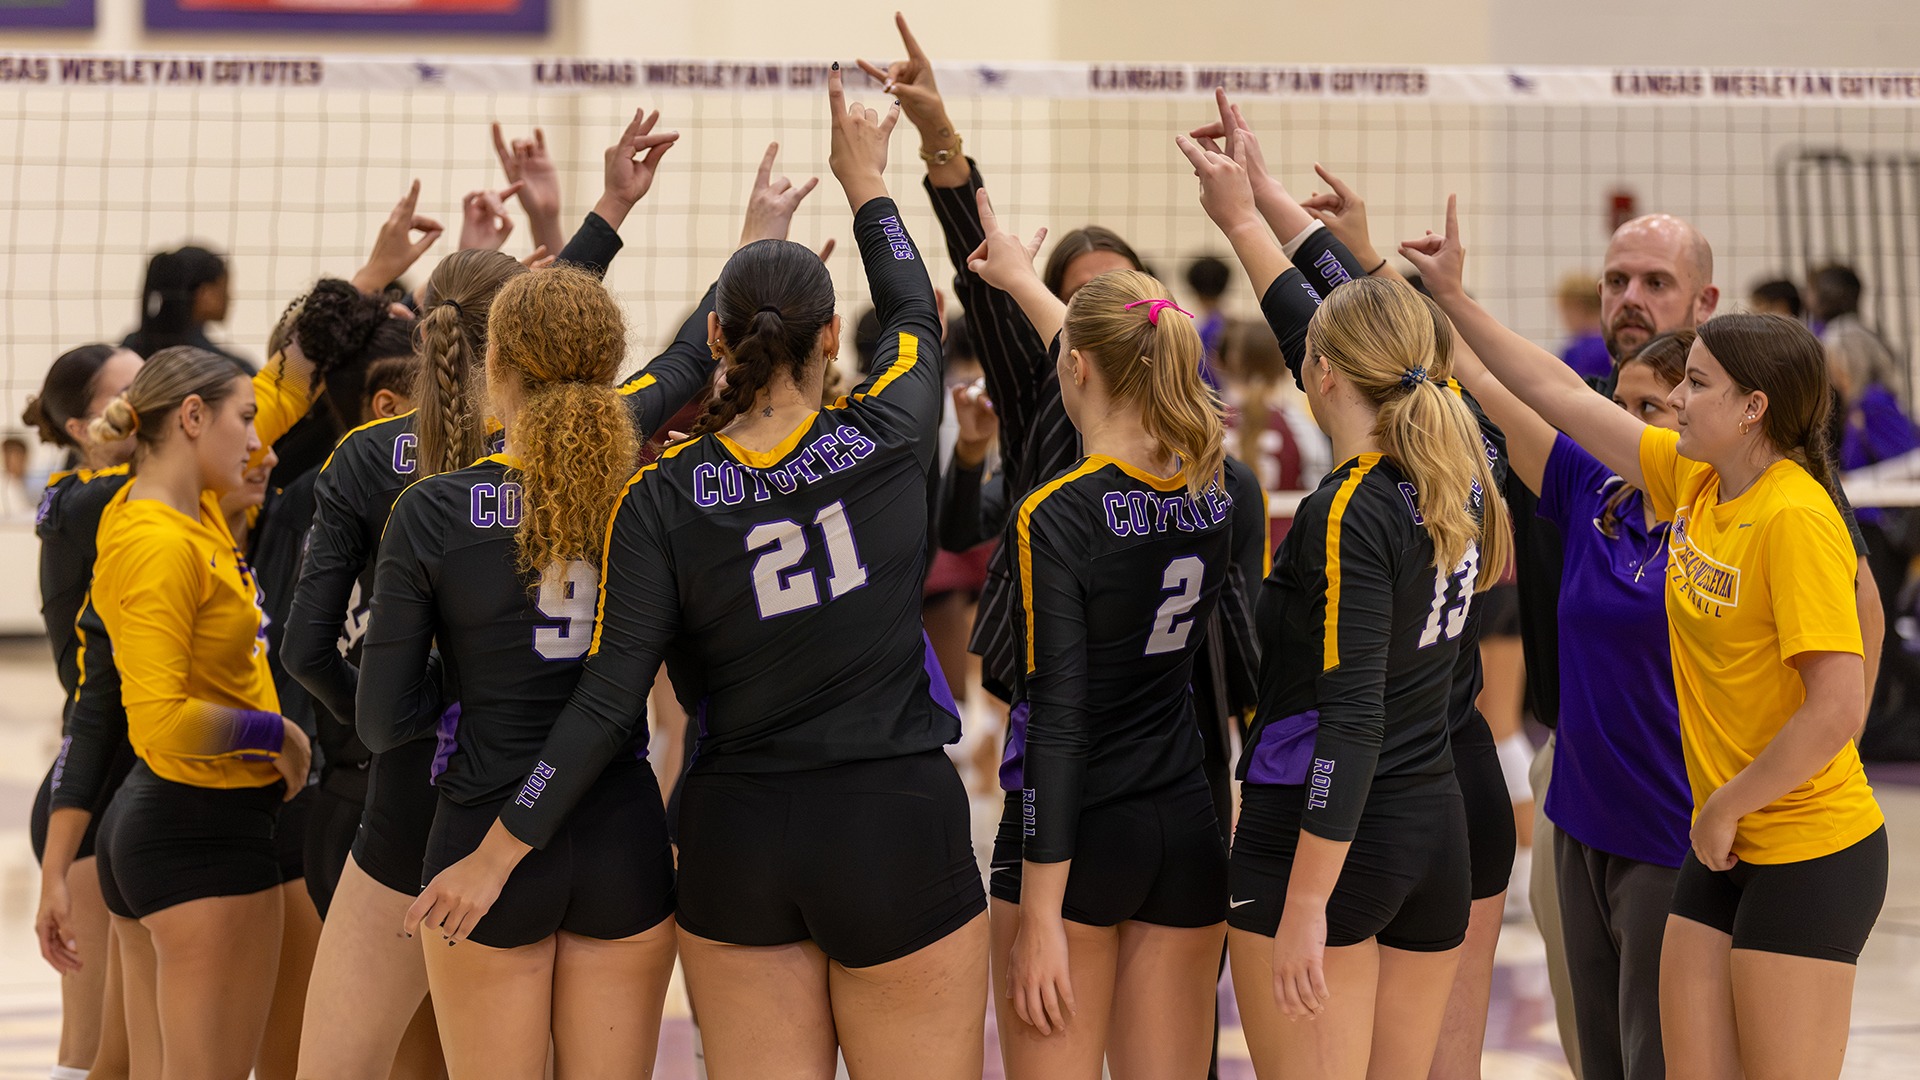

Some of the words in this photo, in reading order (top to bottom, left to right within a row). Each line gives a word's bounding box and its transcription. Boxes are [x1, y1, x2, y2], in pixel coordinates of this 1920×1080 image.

[60, 58, 205, 85] WESLEYAN
[211, 60, 324, 85] COYOTES
[532, 60, 637, 87] KANSAS
[645, 62, 784, 89] WESLEYAN
[1090, 66, 1184, 92] KANSAS
[1195, 68, 1323, 94] WESLEYAN
[1330, 70, 1428, 96] COYOTES
[1612, 73, 1703, 97] KANSAS
[1709, 74, 1834, 98] WESLEYAN
[879, 215, 914, 260] YOTES
[693, 425, 876, 507] COYOTES
[743, 498, 869, 621] 21
[532, 560, 599, 662] 9
[1143, 553, 1206, 656] 2
[1417, 538, 1479, 650] 13
[515, 760, 556, 809] ROLL
[1307, 757, 1335, 810] ROLL
[1022, 788, 1036, 839] ROLL
#####
What the exercise asks :: With the pictures stripped out, return each record word for word.

Response ::
Some of the words in this photo, in reading order (top to bottom, left to right within a row). Each line gives a word's bounding box and its transcription. Boxes are [x1, y1, x2, y2], in pixel coordinates of this 1920×1080 image.

[60, 58, 205, 85] WESLEYAN
[211, 60, 324, 85] COYOTES
[532, 60, 637, 87] KANSAS
[645, 62, 784, 89] WESLEYAN
[1090, 66, 1184, 92] KANSAS
[1195, 68, 1323, 94] WESLEYAN
[1330, 70, 1428, 96] COYOTES
[1612, 73, 1703, 97] KANSAS
[1709, 74, 1834, 98] WESLEYAN
[879, 215, 914, 260] YOTES
[693, 425, 876, 507] COYOTES
[743, 498, 869, 621] 21
[532, 560, 599, 662] 9
[1143, 553, 1206, 656] 2
[1417, 538, 1479, 650] 13
[515, 760, 556, 809] ROLL
[1307, 757, 1335, 810] ROLL
[1022, 788, 1036, 839] ROLL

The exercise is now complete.